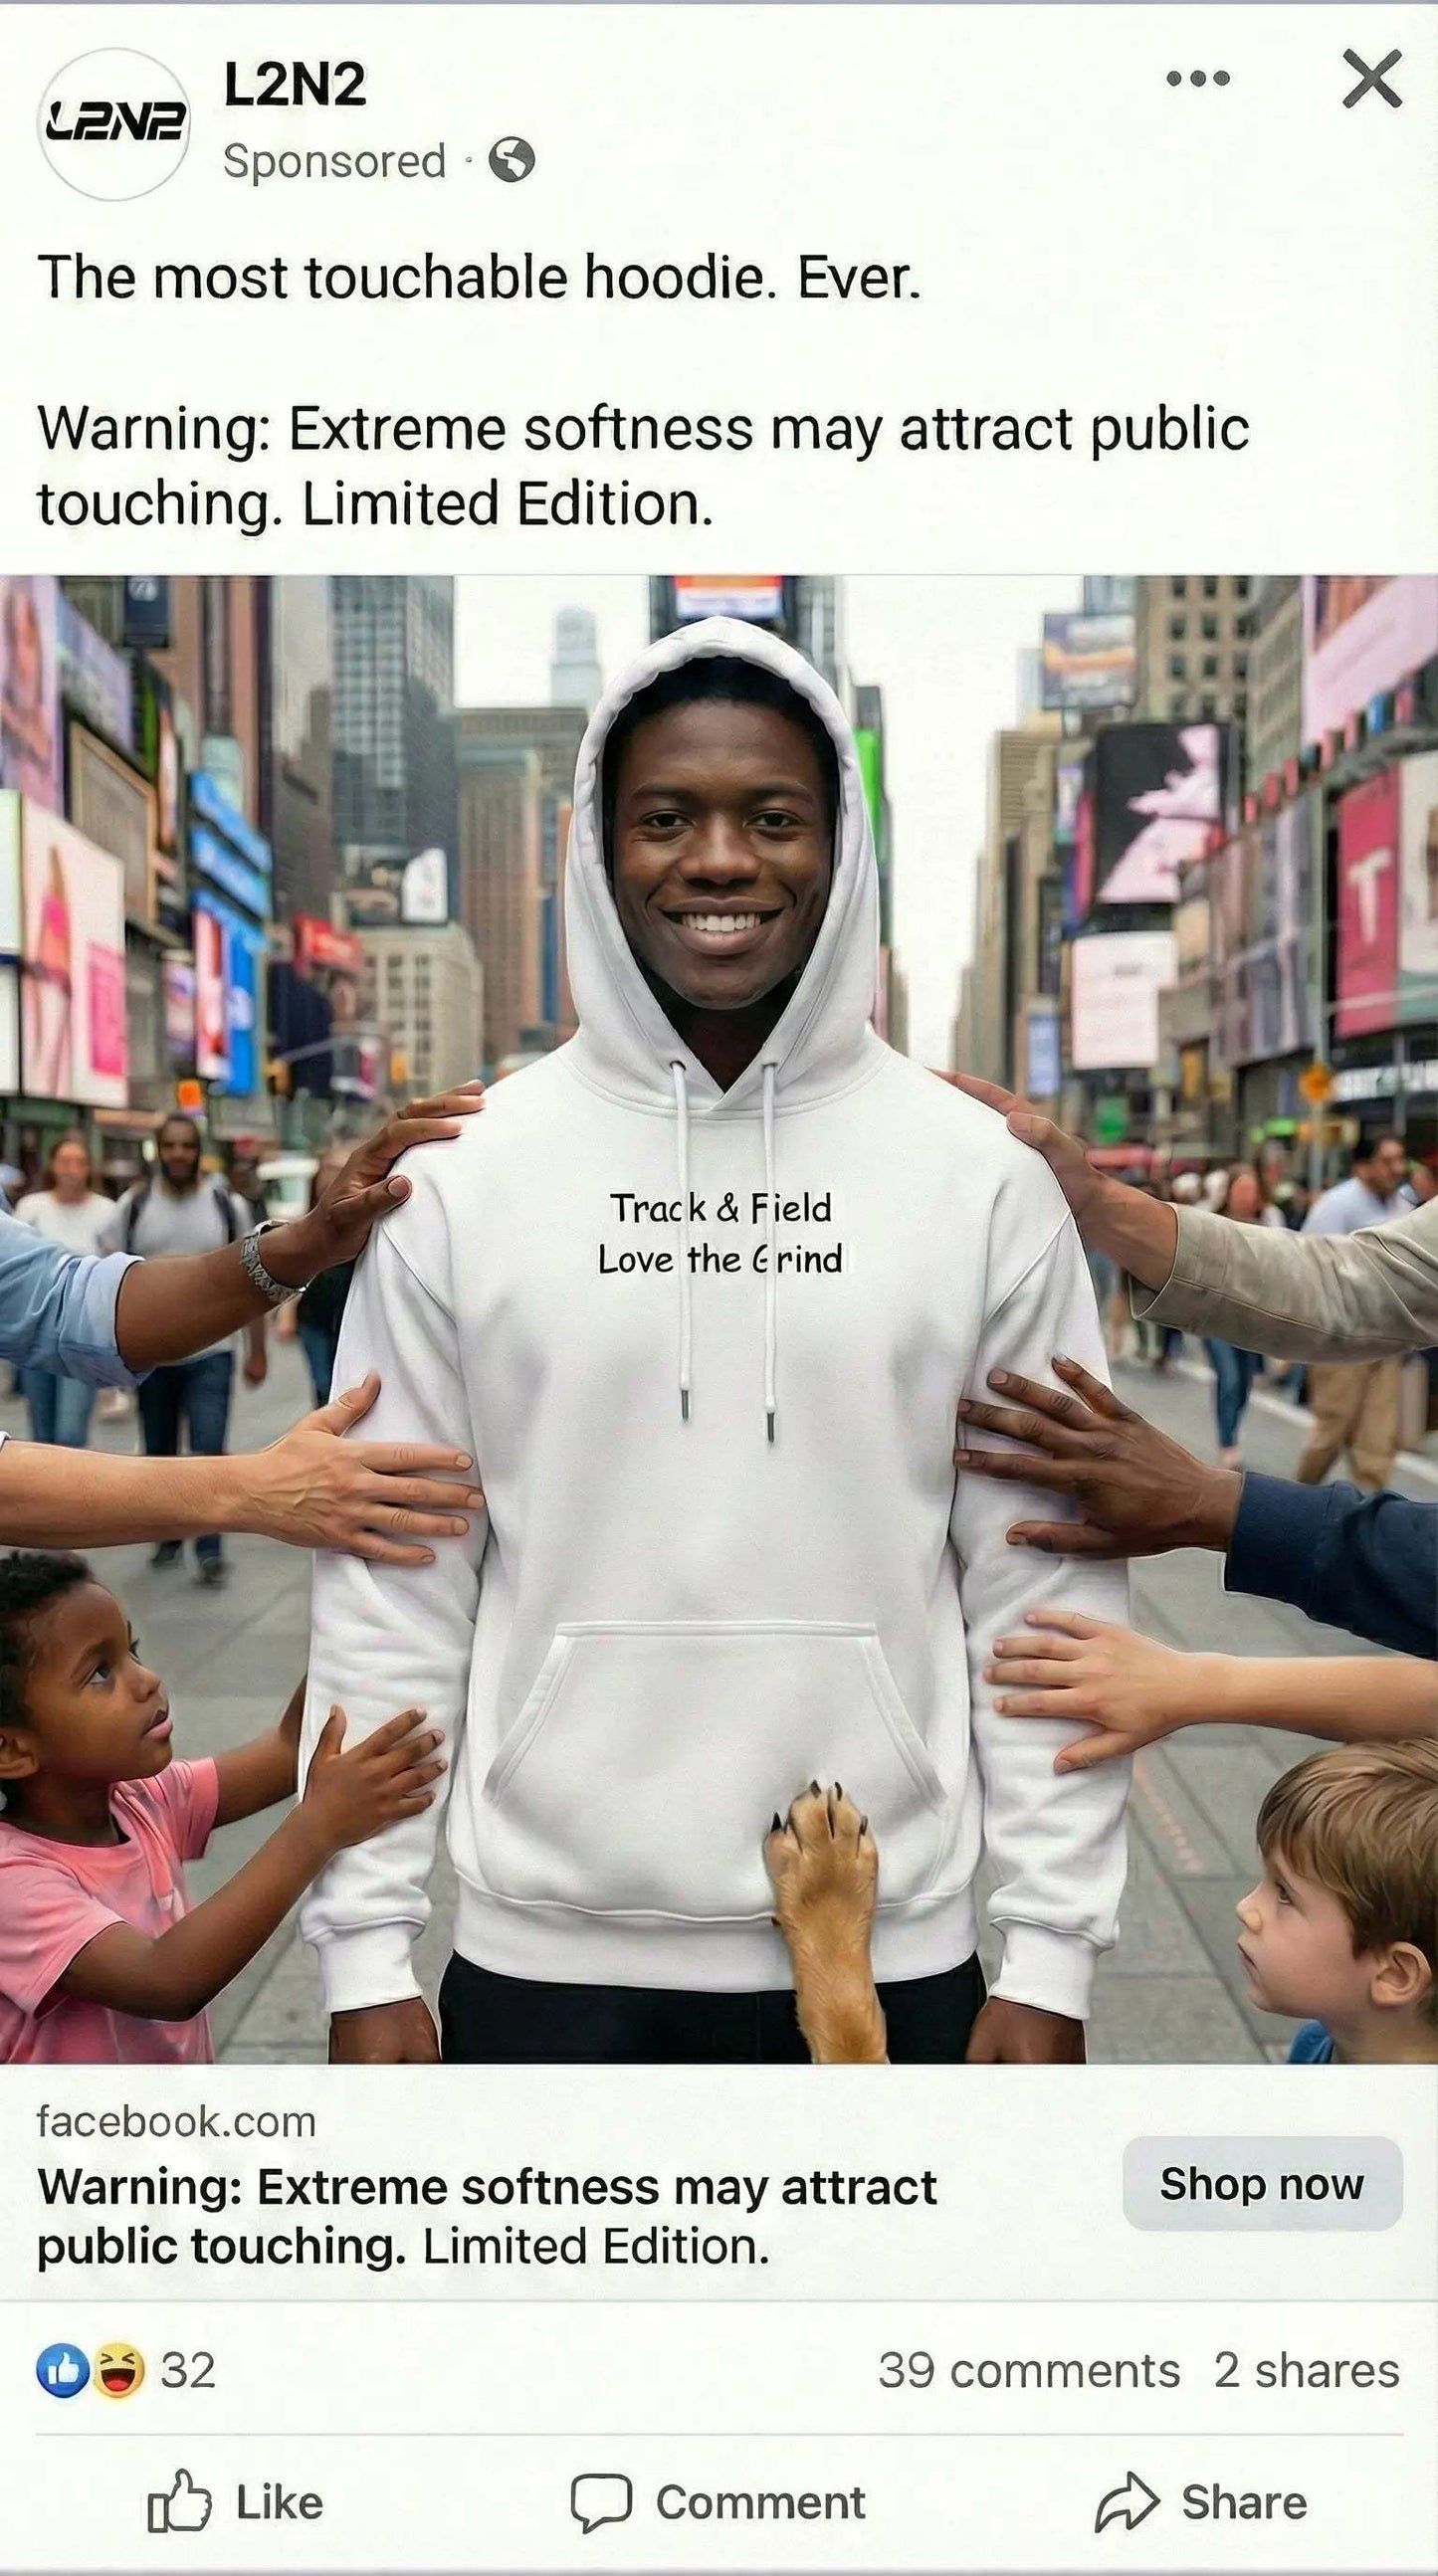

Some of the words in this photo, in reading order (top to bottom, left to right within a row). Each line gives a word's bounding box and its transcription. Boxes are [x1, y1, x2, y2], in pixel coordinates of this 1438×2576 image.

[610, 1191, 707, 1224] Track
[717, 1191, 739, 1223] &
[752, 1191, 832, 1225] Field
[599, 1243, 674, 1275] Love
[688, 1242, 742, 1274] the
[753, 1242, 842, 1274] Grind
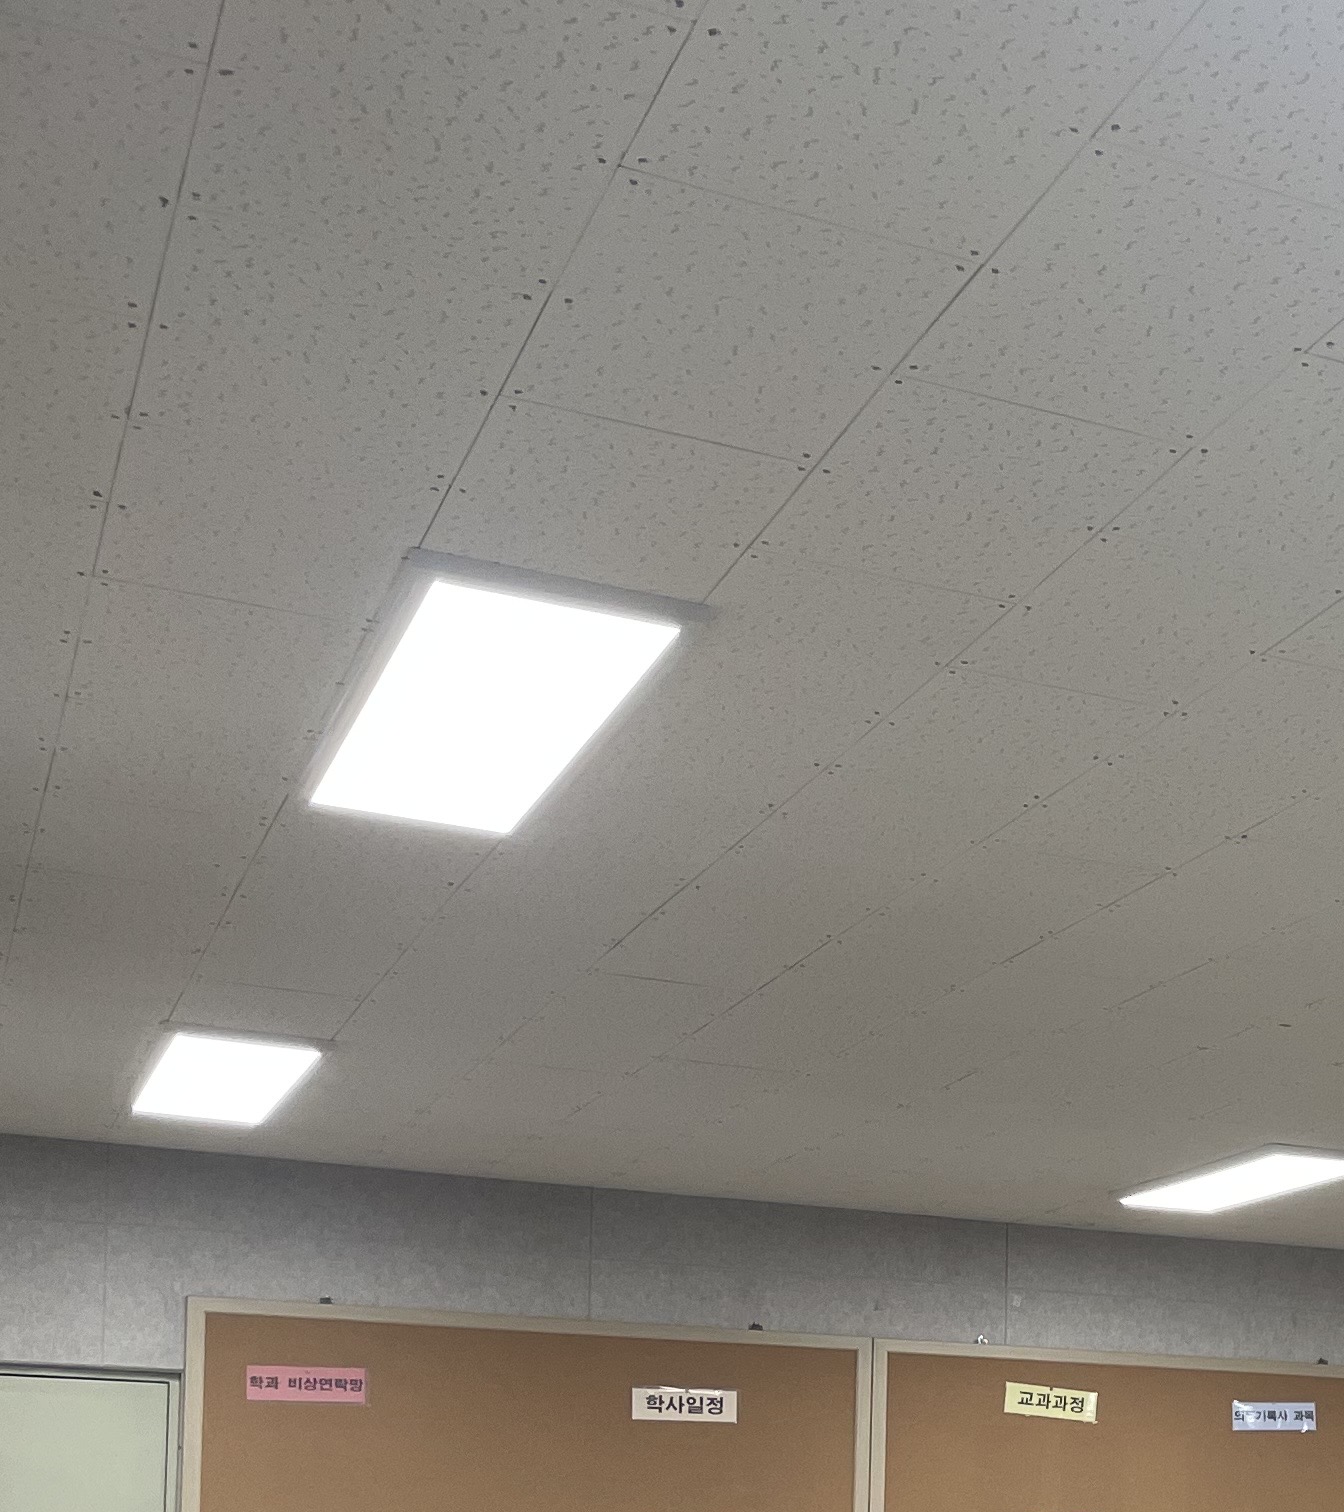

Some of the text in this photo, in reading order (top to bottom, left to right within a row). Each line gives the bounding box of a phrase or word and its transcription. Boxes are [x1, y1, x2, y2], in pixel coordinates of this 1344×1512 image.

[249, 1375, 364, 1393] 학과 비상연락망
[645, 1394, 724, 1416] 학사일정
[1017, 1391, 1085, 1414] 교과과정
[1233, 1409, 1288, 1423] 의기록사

- _TASK BRIEF_
In your reply, every line of the material should appear exactly as written, and no picture should.

- _EXERCISE RESPONSE_
Some of the words in this photo, in reading order (top to bottom, left to right within a row). Each line gives a word's bounding box and its transcription. Boxes are [x1, y1, x2, y2], in pixel coordinates of this 1438×2576 image.

[610, 1191, 707, 1224] Track
[717, 1191, 739, 1223] &
[752, 1191, 832, 1225] Field
[599, 1243, 674, 1275] Love
[688, 1242, 742, 1274] the
[753, 1242, 842, 1274] Grind

Some of the text in this photo, in reading order (top to bottom, left to right within a row). Each line gives the bounding box of a phrase or word and its transcription. Boxes are [x1, y1, x2, y2], in pixel coordinates of this 1344×1512 image.

[249, 1375, 364, 1393] 학과 비상연락망
[645, 1394, 724, 1416] 학사일정
[1017, 1391, 1085, 1414] 교과과정
[1233, 1409, 1288, 1423] 의기록사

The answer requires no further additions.